## GOAL OF THE EXERCISE
Apart from the images, every record below must be given again without alteration.

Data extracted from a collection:
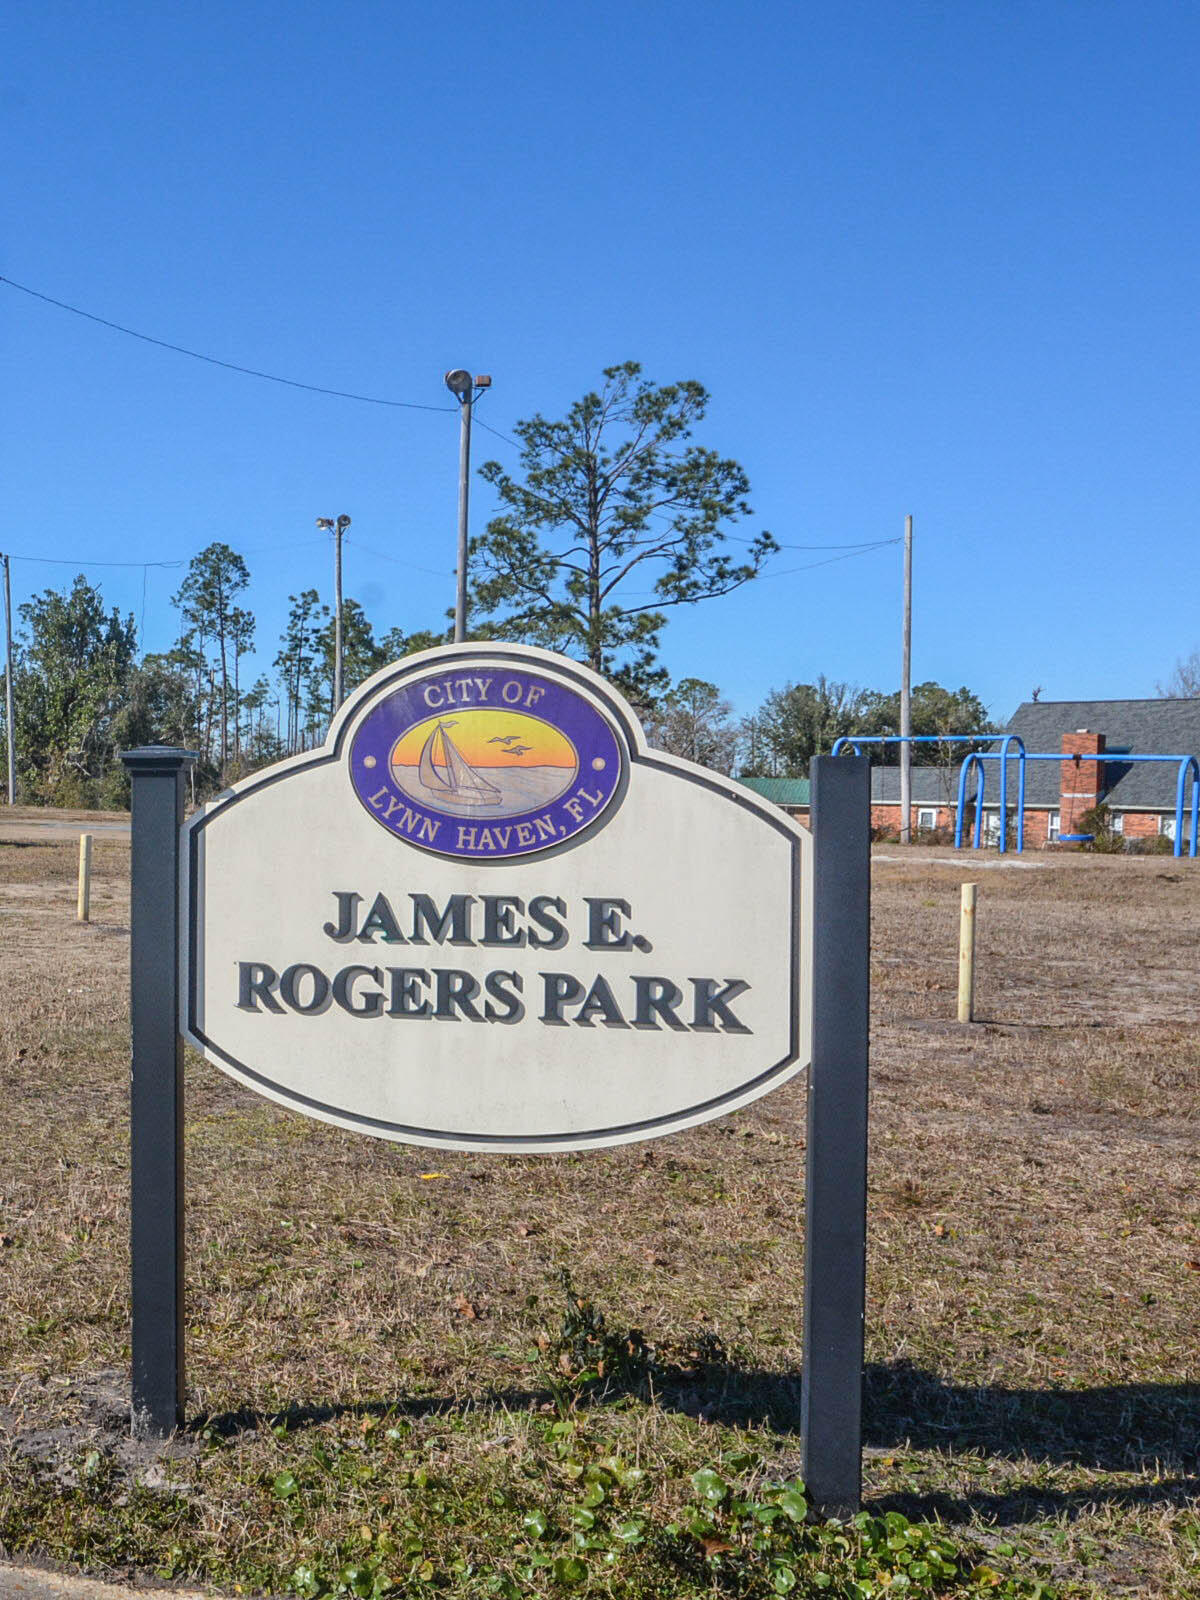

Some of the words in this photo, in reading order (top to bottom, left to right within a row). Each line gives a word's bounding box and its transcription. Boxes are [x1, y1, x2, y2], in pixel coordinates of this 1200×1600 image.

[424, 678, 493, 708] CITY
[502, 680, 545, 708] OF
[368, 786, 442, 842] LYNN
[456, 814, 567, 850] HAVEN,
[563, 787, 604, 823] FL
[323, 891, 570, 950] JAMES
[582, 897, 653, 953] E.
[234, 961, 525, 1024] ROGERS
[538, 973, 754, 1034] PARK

## FINISHED EXERCISE
Some of the words in this photo, in reading order (top to bottom, left to right within a row). Each line gives a word's bounding box and its transcription. Boxes are [x1, y1, x2, y2], in pixel coordinates of this 1200×1600 image.

[424, 678, 493, 708] CITY
[502, 680, 545, 708] OF
[368, 786, 442, 842] LYNN
[456, 814, 567, 850] HAVEN,
[563, 787, 604, 823] FL
[323, 891, 570, 950] JAMES
[582, 897, 653, 953] E.
[234, 961, 525, 1024] ROGERS
[538, 973, 754, 1034] PARK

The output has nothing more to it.